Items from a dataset
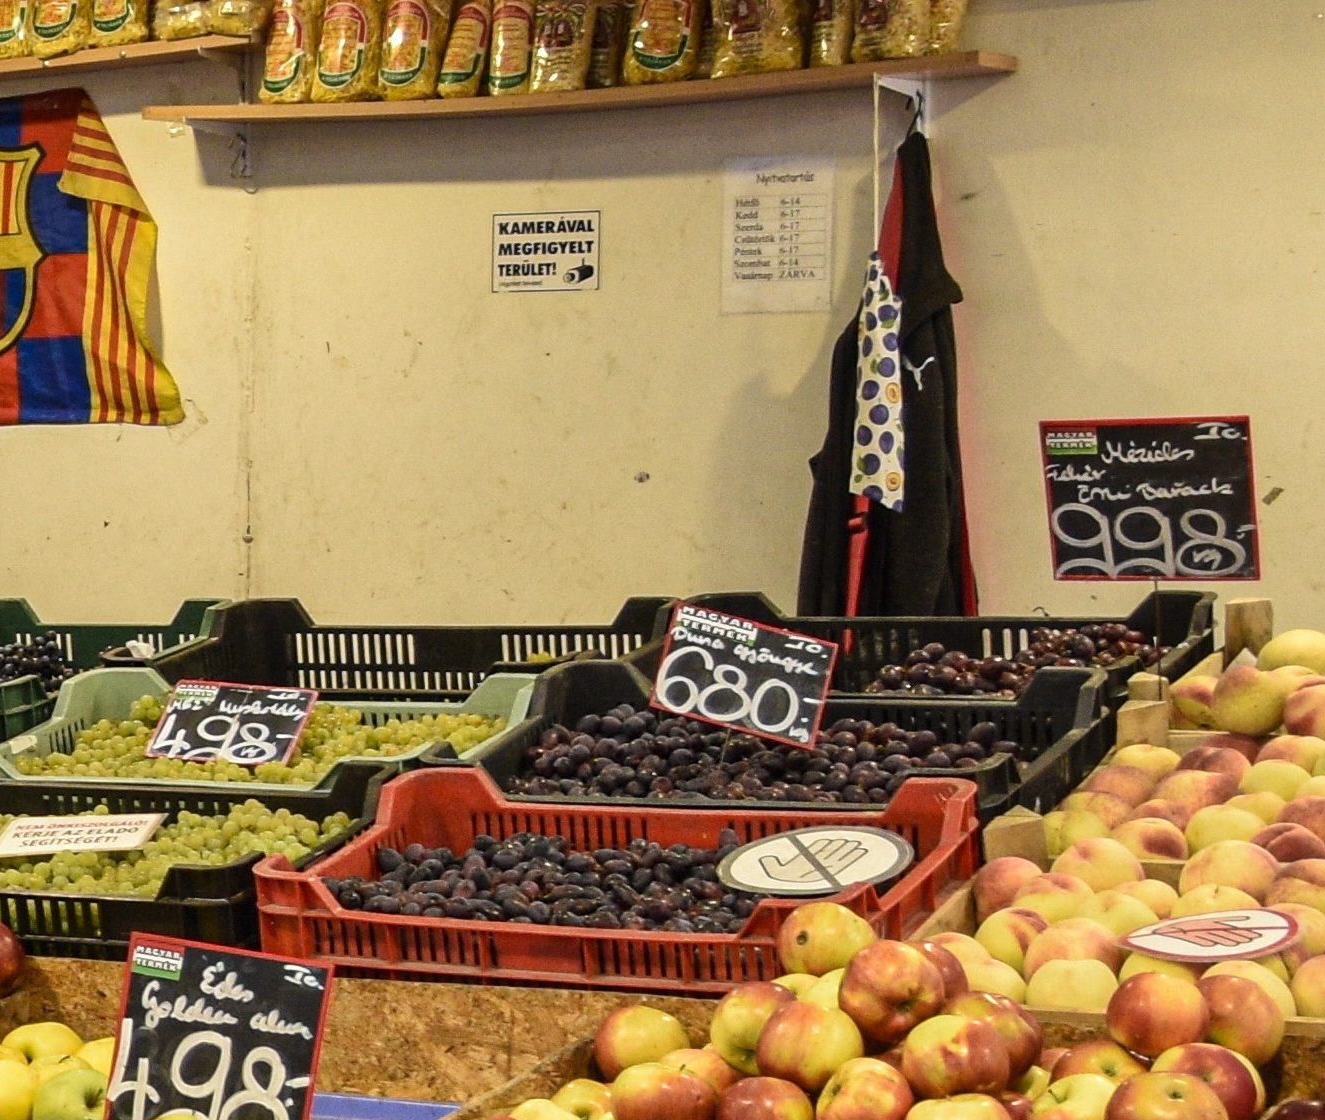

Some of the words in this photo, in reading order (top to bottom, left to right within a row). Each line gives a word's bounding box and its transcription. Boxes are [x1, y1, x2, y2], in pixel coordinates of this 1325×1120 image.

[498, 216, 595, 235] KAMERÁVAL
[498, 240, 595, 256] MEGFIGYELT
[498, 259, 557, 277] TERÜLET!
[682, 606, 754, 631] MAGYAR
[136, 945, 180, 959] MAGYAR
[135, 958, 179, 971] TERMÉK

**What you will do**
Set down the data exactly as it appears, without any images.

**Written solution**
Some of the words in this photo, in reading order (top to bottom, left to right within a row). Each line gives a word's bounding box and its transcription. Boxes are [x1, y1, x2, y2], in pixel coordinates of this 1325×1120 image.

[498, 216, 595, 235] KAMERÁVAL
[498, 240, 595, 256] MEGFIGYELT
[498, 259, 557, 277] TERÜLET!
[682, 606, 754, 631] MAGYAR
[136, 945, 180, 959] MAGYAR
[135, 958, 179, 971] TERMÉK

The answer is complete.